Thursday, June 29, 2006


This particular car was actually the thirteenth 40-50 horsepower chasis built by Rolls-Royce, serial #60551, and, up until that time, the model was simply cataloged by the horsepower rating. It had no name nor had the famous Spirit of Ecstacy hood ornament been created for the Rolls-Royce by sculpter Charles Sykes. That wouldn't come until 1910.
When Claude Johnson saw the beautiful Roi-de-Belges Open Touring body that had been built for 60551 in London by Barker, coachmakers to the royal family, he decided it should have a proper name and, after some deliberation, christened it the Silver Ghost, which became popularly accepted designation for all subsequent 40-50 horsepower models.
His definitions of the Silver Ghost's performance in 1907 are still appropriate nine decades later.
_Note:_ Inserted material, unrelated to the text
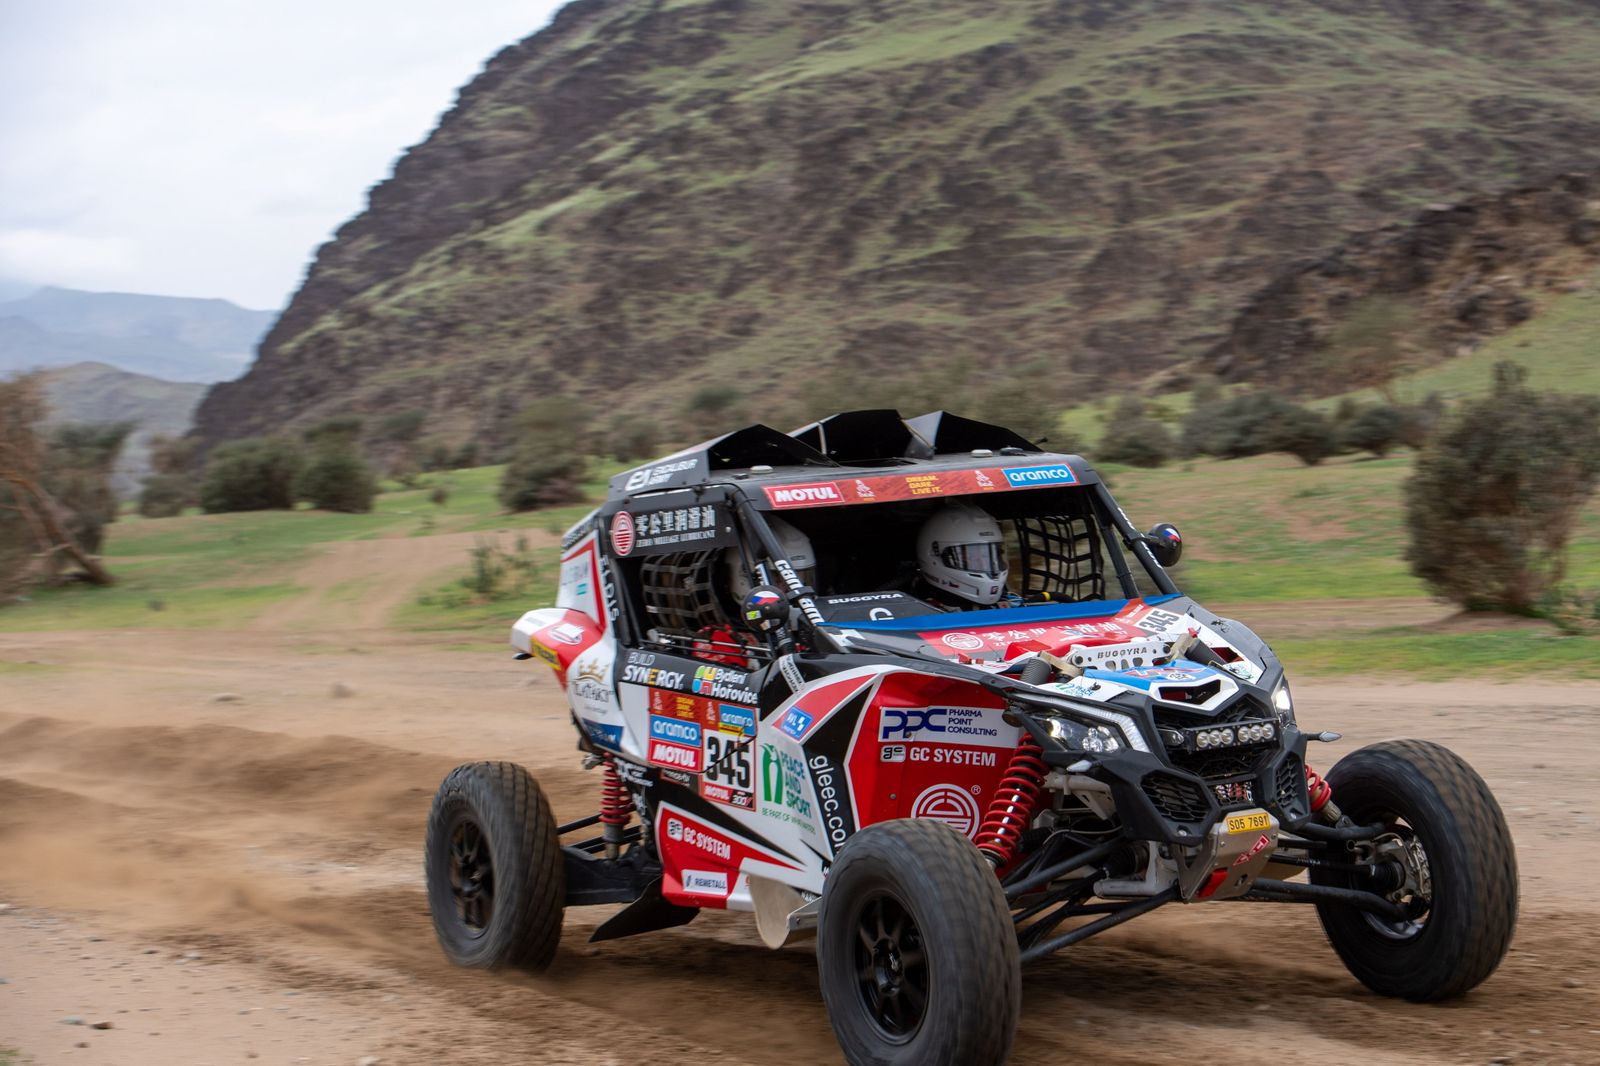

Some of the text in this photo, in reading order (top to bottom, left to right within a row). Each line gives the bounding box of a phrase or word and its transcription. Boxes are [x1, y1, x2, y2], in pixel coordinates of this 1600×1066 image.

After starting the engine with one or two turns of the hand crank, the 7-liter in-line six still comes to life with a near silent chuff, running so smoothly that there is barely a trace of movement in the body at an idle. Even under full throttle, the engine scacely makes a sound; there is just the rush of the wind blowing past as the Silver Ghost gathers speed.
The sheer elegance of this car has made it as timeless as it achievements. Back in July and August 1907, the Silver Ghost established a new record for reliability, covering 15,000 miles, driven day and night without a breakdown or unscheduled stop.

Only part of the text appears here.